KOL Mapping And Profiling An Evolving Paradigm
Around two decades ago, key opinion leader (KOL) identification and mapping was a bleeding edge concept. Hard to fathom but at the time, therapeutics companies were using word-of-mouth, sales force recommendations, and even publications alone as a primary means for identifying the thought leaders in a given disease state area. Using an analytical approach for KOL identification was a foreign concept to many. Our team fondly recalls spending hours with clients trying to convince them about the need to try a new approach that could yield superior results.
Fast forward twenty years. KOL identification and mapping of influential physicians are now ubiquitous elements in marketing and medical affairs strategies. The demand for greater accuracy and granularity has led to increasingly sophisticated KOL identification processes. This involving the integration of disparate databases, value adding the data, independently weighing and scoring, and sophisticated profiling.
KOL mapping is not limited to pharma and devices
KOL identification and mapping is designed to empower pharmaceutical, medical device, and biotech companies. This is accomplished through targeting the ideal physicians with whom alignment will ensure a product’s success. However, we should continue to challenge ourselves and our life science colleagues to look beyond this group and intent and recognize where else we can apply this state-of-the-art approach to drive the business forward.
Firstly, there is no reason why a KOL identification and mapping needs to be limited to drugs and devices. There are other types of products and services such as diagnostic tests and training initiatives that are used by select segments of our industry. Analogous to drugs and devices, often their acceptance is driven by data and supported by highly respected individuals to whom the decision makers look to for guidance.
Think beyond physicians…
Secondly, why only target physicians? Our research involving over 500 nurse practitioners (NPs) and physician assistants (PAs) has identified this group as a vital component for healthcare delivery. In certain cases they represent somewhere between 5% to almost 20% of the market depending on a product class. In total, well over 100,000 NPs and PAs are delivering health services in the largest market. Additionally, these professionals are influenced by their peers. We also note a significant presence of the NP/PA role in Europe.

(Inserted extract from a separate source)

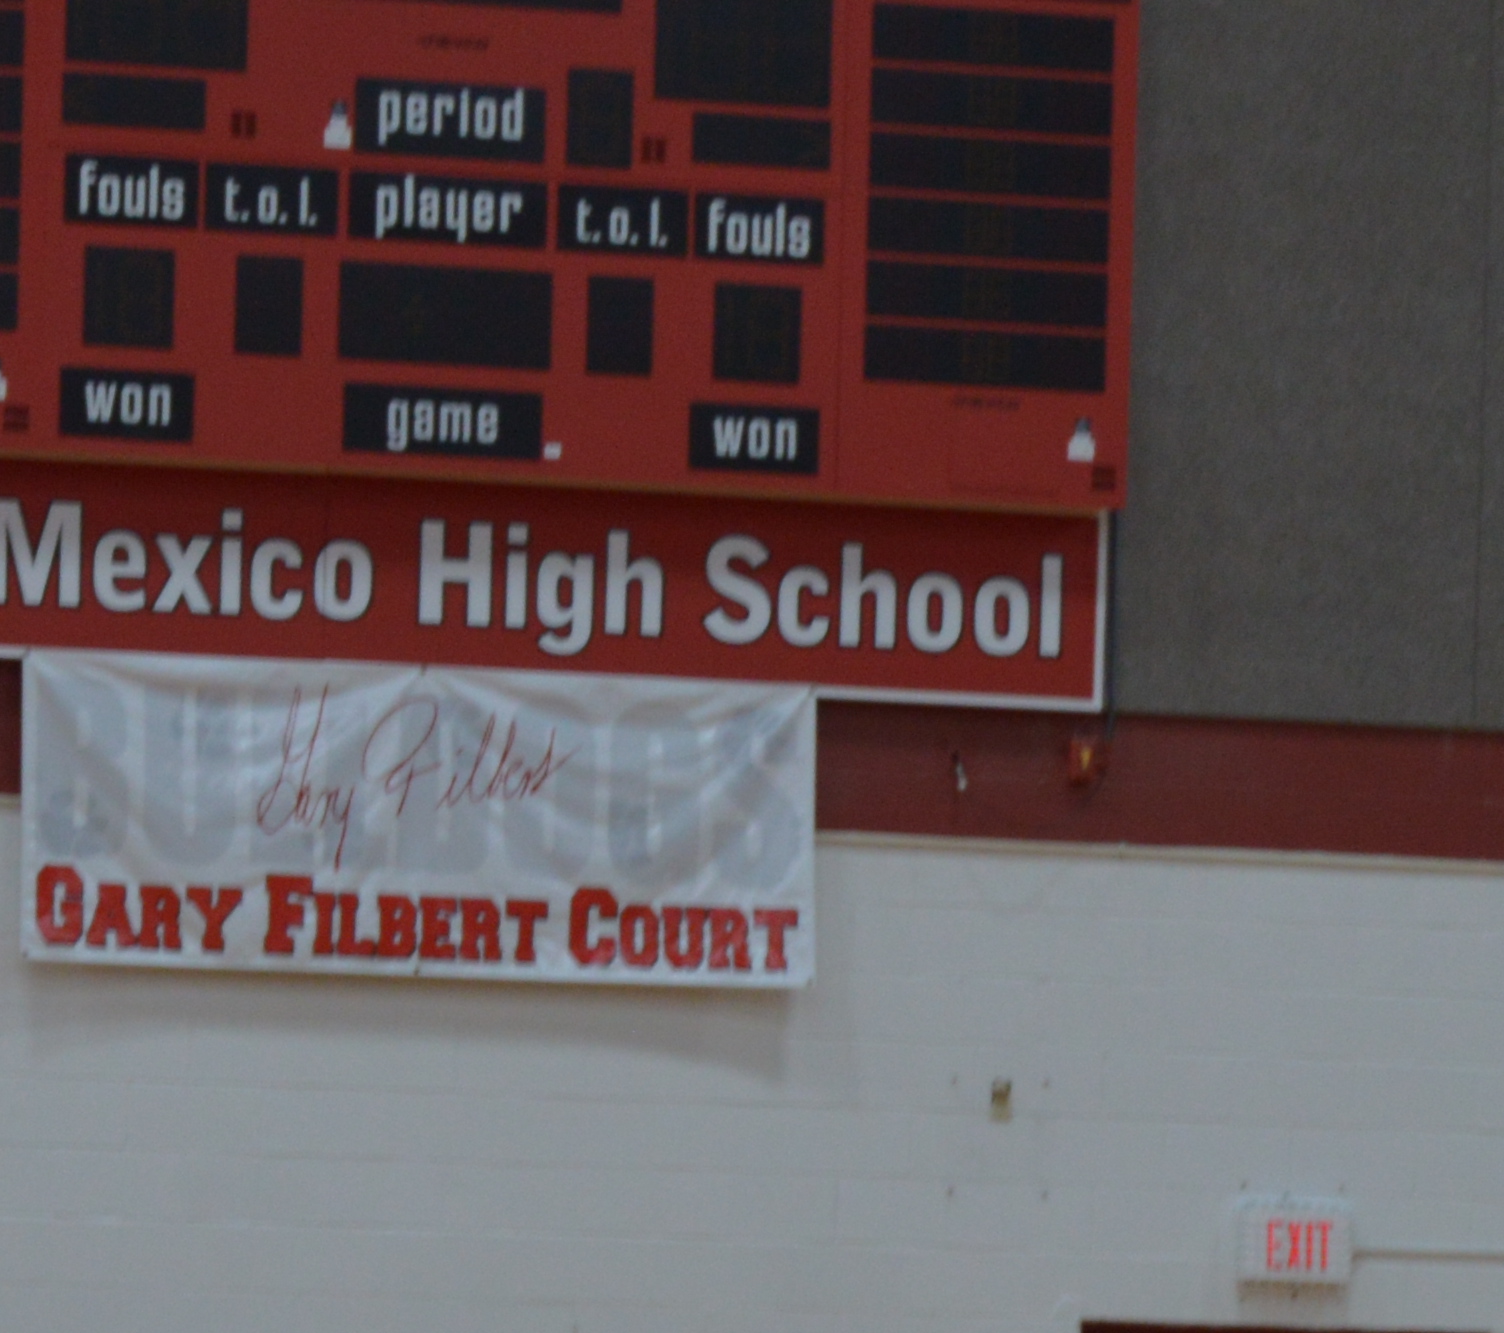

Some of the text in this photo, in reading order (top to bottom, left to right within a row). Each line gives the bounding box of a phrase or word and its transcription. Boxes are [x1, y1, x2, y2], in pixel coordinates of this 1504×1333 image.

…And even beyond clinicians for that matter
Thirdly, why limit such analyses to only clinicians? Recent research has indicated Chief Nursing Officers (CNOs) and Chief Executive Officers (CEOs) are critical for the adoption of new training tools at hospitals. These individuals can be identified and profiled based on predefined criteria. Using advanced means, we are able to identify the top one to two percent that are the most likely to be purchasers of a solution.

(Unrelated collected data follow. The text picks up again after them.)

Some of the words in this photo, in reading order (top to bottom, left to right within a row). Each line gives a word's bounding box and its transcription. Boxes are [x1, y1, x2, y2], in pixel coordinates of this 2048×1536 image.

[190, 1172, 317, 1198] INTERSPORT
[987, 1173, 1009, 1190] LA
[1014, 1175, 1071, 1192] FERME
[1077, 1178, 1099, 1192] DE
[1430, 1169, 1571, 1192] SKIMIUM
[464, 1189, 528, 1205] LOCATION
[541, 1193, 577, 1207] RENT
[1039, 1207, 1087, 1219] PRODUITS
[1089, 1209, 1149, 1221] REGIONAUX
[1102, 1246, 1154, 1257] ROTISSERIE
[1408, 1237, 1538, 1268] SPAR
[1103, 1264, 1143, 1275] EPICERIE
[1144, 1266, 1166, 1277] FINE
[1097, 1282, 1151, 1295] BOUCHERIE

Professional societies, patient and advocacy groups and policy organizations are key entities of the stakeholder ecosystem
Lastly, new targets do not have to be limited to individuals. The same approach for identifying and profiling individuals is highly applicable for profiling institutions and organizations. Our work with industry leaders has repeatedly demonstrated a strong desire to identify and reach out to societies, institutions, advocacy groups, policy groups, government bodies, and others that form the ecosystem for a disease state and the therapies that treat it. Similar to an individual, a detailed and complex profile can be built with a company’s unique requirements in mind.
One such service derivative based on KOL identification and mapping target organizations is a process we term, identifying strategic development partners. Strategic development partner analysis enables companies to grow a product pipeline through identification of key potential partnerships based on multiple search criteria. For example, the process enables companies to identify thousands of organizations conducting early stage clinical work in given disease state area and then identify the top 1% of opportunities based on a company’s unique requirement. This saves thousands of hours and years of wasted effort. If everyone is looking to identify the next generation products, why not use a process to assist with that effort?
We have personally witnessed the rapid adoption of KOL identification and mapping as an integral component for building a product’s awareness with physician audiences. This easily evolves into other areas such as diagnostic tests and training. KOL identification and profiling should not be limited to only physicians; NPs, PAs, other clinicians and even CNOs and hospital CEOs are critical to a products success. Finally, societies, patient advocacy groups, institutions, and corporate partners are all critical elements of a disease state ecosystem. Using the most advance techniques can help companies identify who best to engage with and new opportunities that are critical to a company’s success. The KOL mapping and profiling definition has expanded beyond being simply focused on physicians.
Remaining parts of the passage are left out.